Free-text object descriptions

# # # #

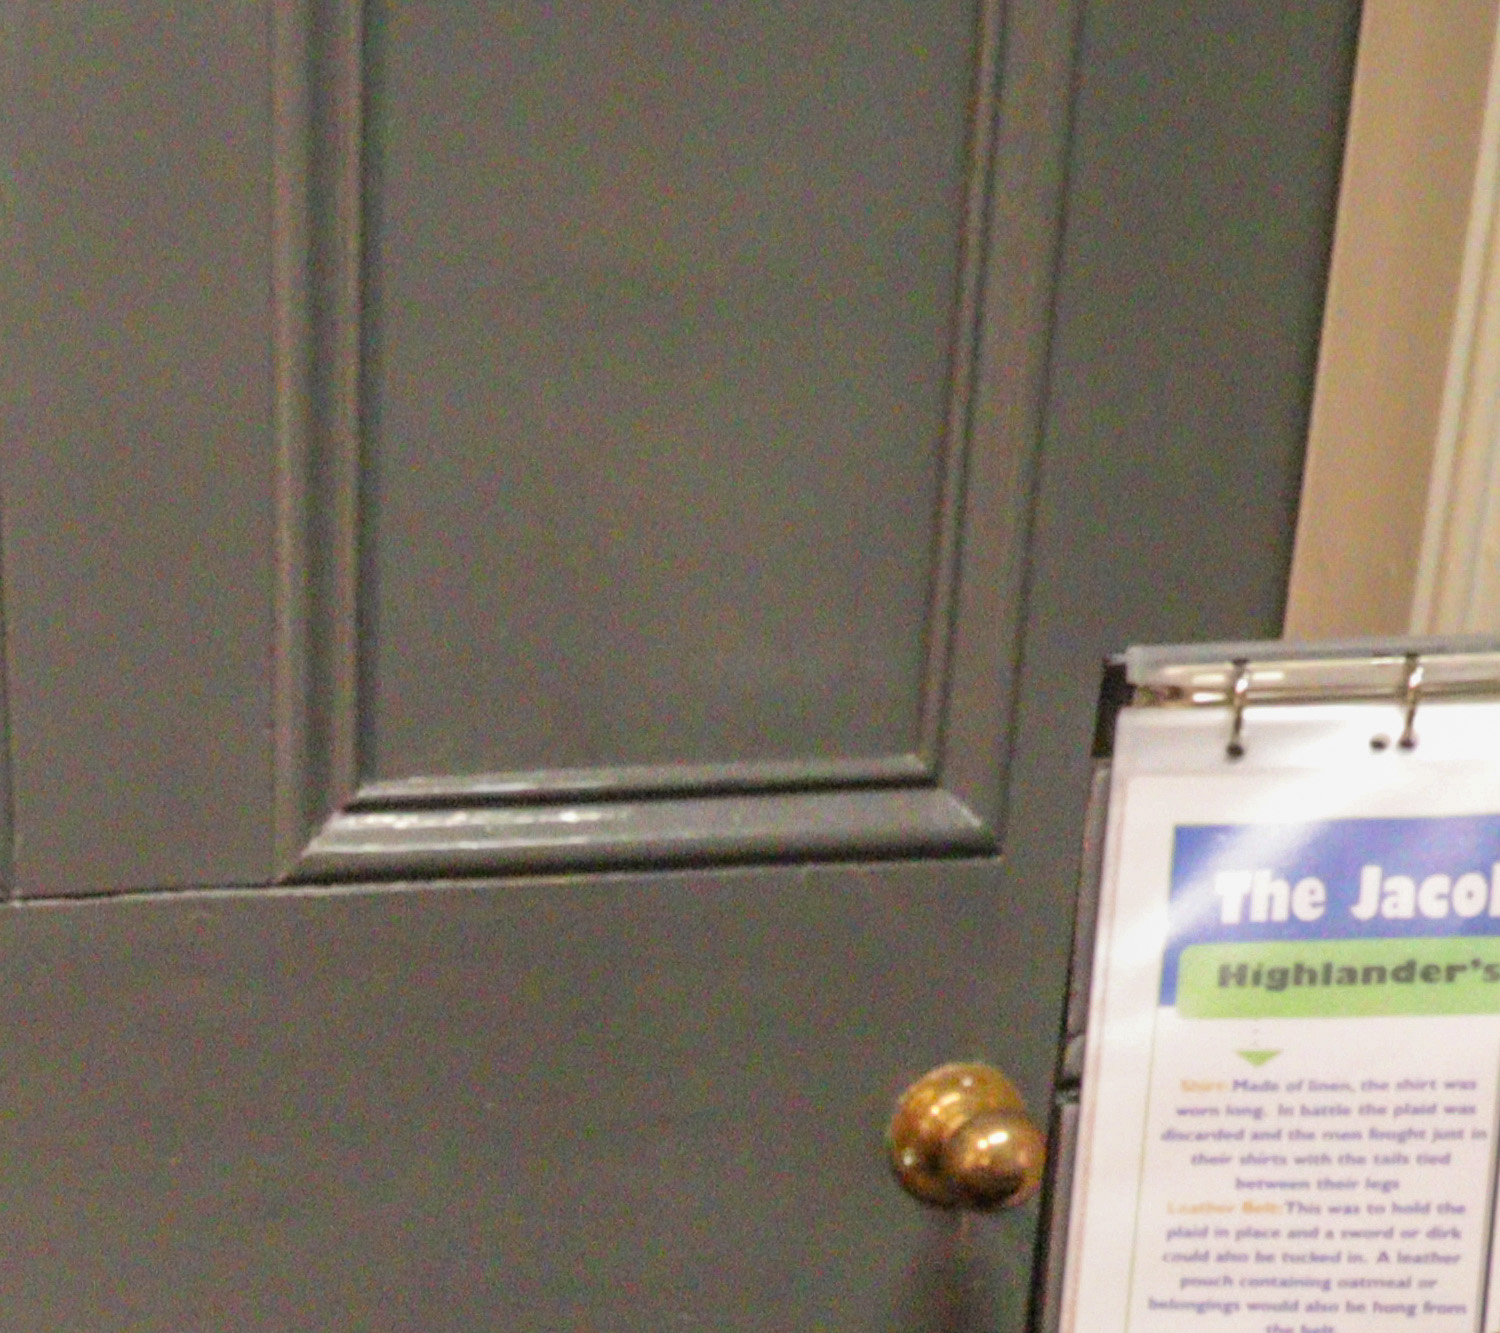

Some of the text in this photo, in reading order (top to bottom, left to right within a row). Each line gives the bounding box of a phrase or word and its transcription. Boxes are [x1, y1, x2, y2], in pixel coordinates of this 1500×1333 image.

[1215, 870, 1326, 925] The
[1218, 957, 1500, 991] Highlander's
[1286, 1080, 1305, 1091] of
[1361, 1080, 1389, 1091] the
[1396, 1080, 1436, 1091] shirt
[1444, 1080, 1477, 1090] was
[1286, 1201, 1466, 1214] This was to hold the
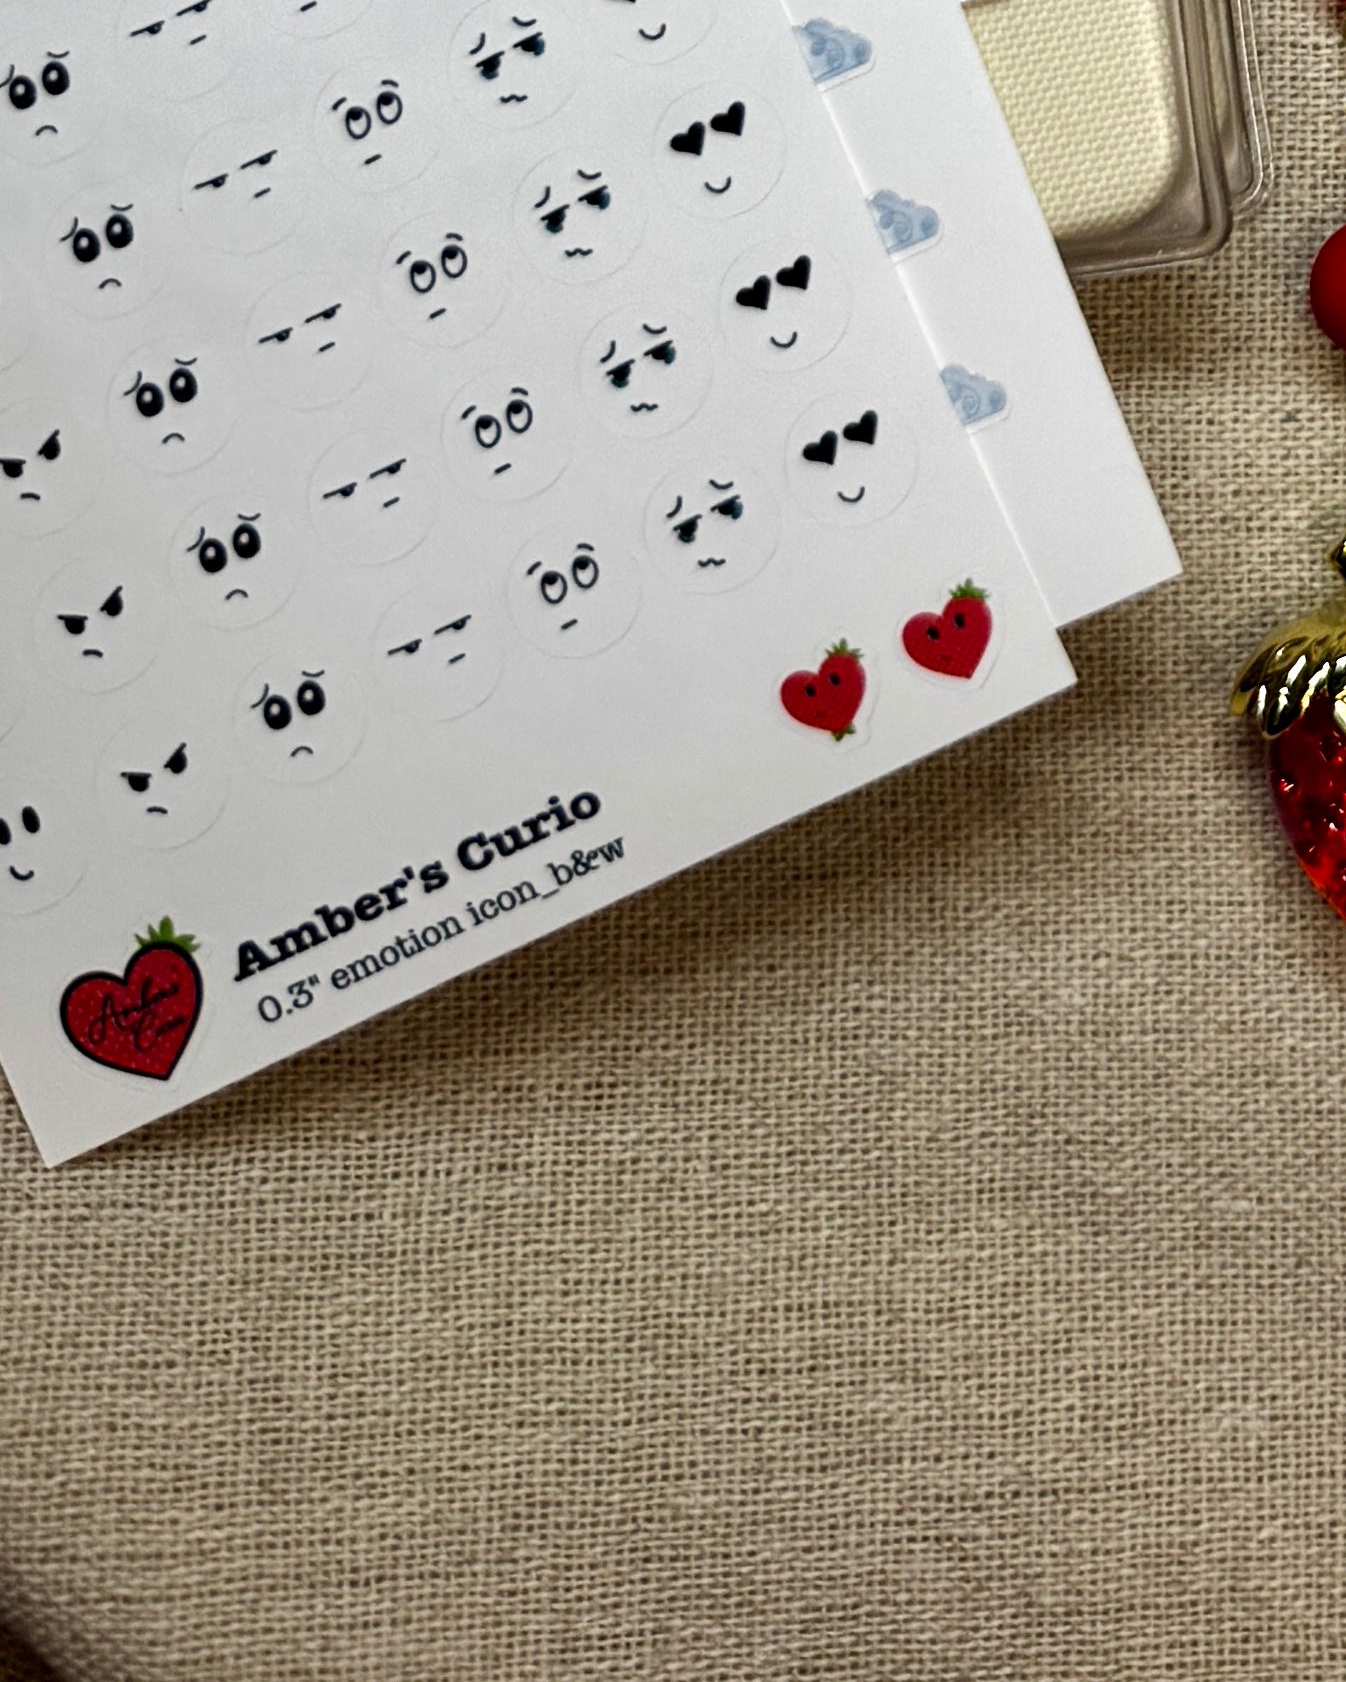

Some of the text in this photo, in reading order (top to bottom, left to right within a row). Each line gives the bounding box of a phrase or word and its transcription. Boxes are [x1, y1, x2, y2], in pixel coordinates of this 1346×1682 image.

[232, 789, 602, 982] Amber's Curio
[256, 835, 627, 1025] 0.3" emotion icon_b&w

# # # #

Only the text of the records above is to be reproduced, exactly as given; the pictures are dropped.

#### Reply to the task:
Some of the text in this photo, in reading order (top to bottom, left to right within a row). Each line gives the bounding box of a phrase or word and its transcription. Boxes are [x1, y1, x2, y2], in pixel coordinates of this 1500×1333 image.

[1215, 870, 1326, 925] The
[1218, 957, 1500, 991] Highlander's
[1286, 1080, 1305, 1091] of
[1361, 1080, 1389, 1091] the
[1396, 1080, 1436, 1091] shirt
[1444, 1080, 1477, 1090] was
[1286, 1201, 1466, 1214] This was to hold the

Some of the text in this photo, in reading order (top to bottom, left to right within a row). Each line gives the bounding box of a phrase or word and its transcription. Boxes are [x1, y1, x2, y2], in pixel coordinates of this 1346×1682 image.

[232, 789, 602, 982] Amber's Curio
[256, 835, 627, 1025] 0.3" emotion icon_b&w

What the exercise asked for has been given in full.